DNA data storage is an attractive technology because it has the potential to store a tremendous amount of data in a small package, it can store that data for a long time, and it does so in an energy-efficient way. However, until now, it wasn’t possible to preview the data in a file stored as DNA – if you wanted to know what a file was, you had to “open” the entire file.
“The advantage to our technique is that it is more efficient in terms of time and money,” says Kyle Tomek, lead author of a paper on the work and a Ph.D. student in Prof. Keung’s research group. “If you are not sure which file has the data you want, you don’t have to sequence all of the DNA in all of the potential files. Instead, you can sequence much smaller portions of the DNA files to serve as previews.”
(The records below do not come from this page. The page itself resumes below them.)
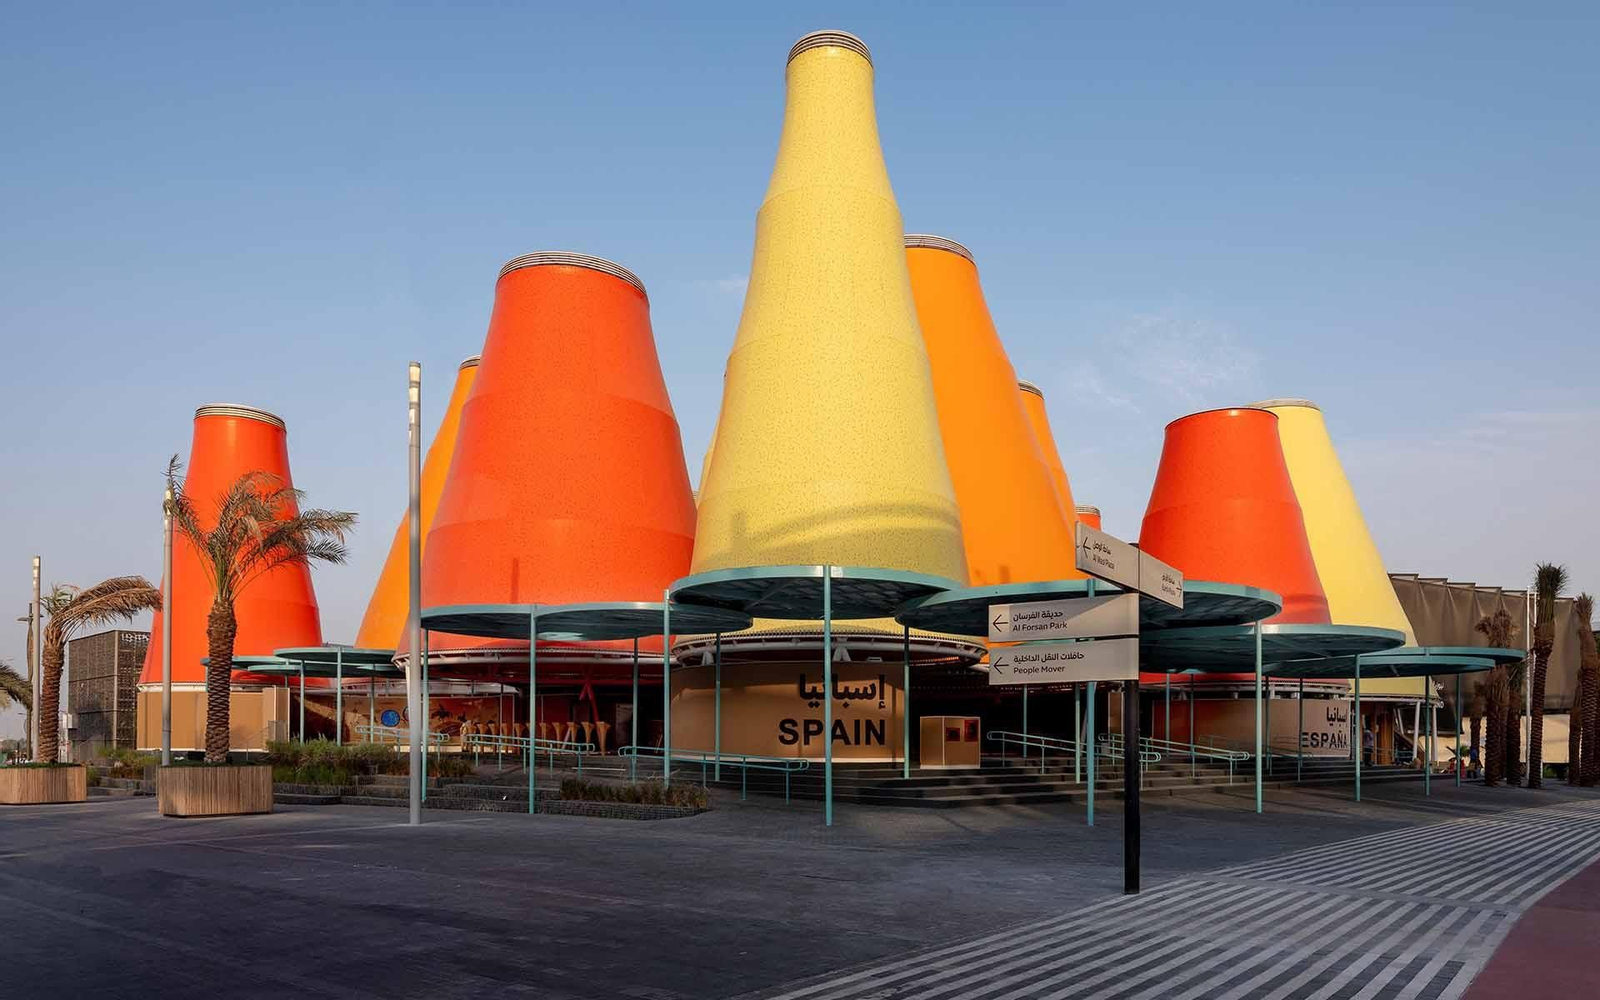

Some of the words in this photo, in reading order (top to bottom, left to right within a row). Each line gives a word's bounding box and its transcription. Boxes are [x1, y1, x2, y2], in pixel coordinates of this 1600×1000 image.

[1013, 611, 1040, 622] الفرسان
[1041, 610, 1064, 620] حديقة
[1013, 624, 1021, 632] Al
[1022, 623, 1048, 631] Forsan
[1050, 621, 1068, 629] Park
[1013, 654, 1040, 665] الداخلية
[1041, 653, 1059, 663] النقل
[1060, 651, 1085, 661] حافلات
[1013, 666, 1040, 675] People
[778, 718, 886, 746] SPAIN
Here’s a quick overview of how this works.
Users “name” their data files by attaching sequences of DNA called primer-binding sequences to the ends of DNA strands that are storing information. To identify and extract a given file, most systems use polymerase chain reaction (PCR). Specifically, they use a small DNA primer that matches the corresponding primer-binding sequence to identify the DNA strands containing the file they want. The system then uses PCR to make lots of copies of the relevant DNA strands, then sequences the entire sample. Because the process makes numerous copies of the targeted DNA strands, the signal of the targeted strands is stronger than the rest of the sample, making it possible to identify the targeted DNA sequence and read the file.
However, one challenge that DNA data storage researchers have grappled with is that if two or more files have similar file names, the PCR will inadvertently copy pieces of multiple data files. As a result, users have to give files very distinct names to avoid getting messy data.
“At some point it occurred to us that we might be able to use these interactions as a tool, rather than viewing it as a problem,” says Prof. Keung, co-corresponding author of the paper on the work.
Specifically, the researchers developed a technique that makes use of similar file names to let them open either an entire file or a subset of that file. This works by using a specialized convention when naming a file and a given subset of the file. They can choose whether to open the entire file, or just the “preview” version, by manipulating several parameters of the PCR process: the temperature, the concentration of DNA in the sample, and the types and concentrations of reagents in the sample.
“Our technique makes the system more complex,” says Dr. James Tuck, co-corresponding author of the paper and a professor of computer engineering at NC State. “This means that we have to be even more careful in managing both the file-naming conventions and the conditions of PCR. However, this makes the system both more data-efficient and substantially more user friendly.”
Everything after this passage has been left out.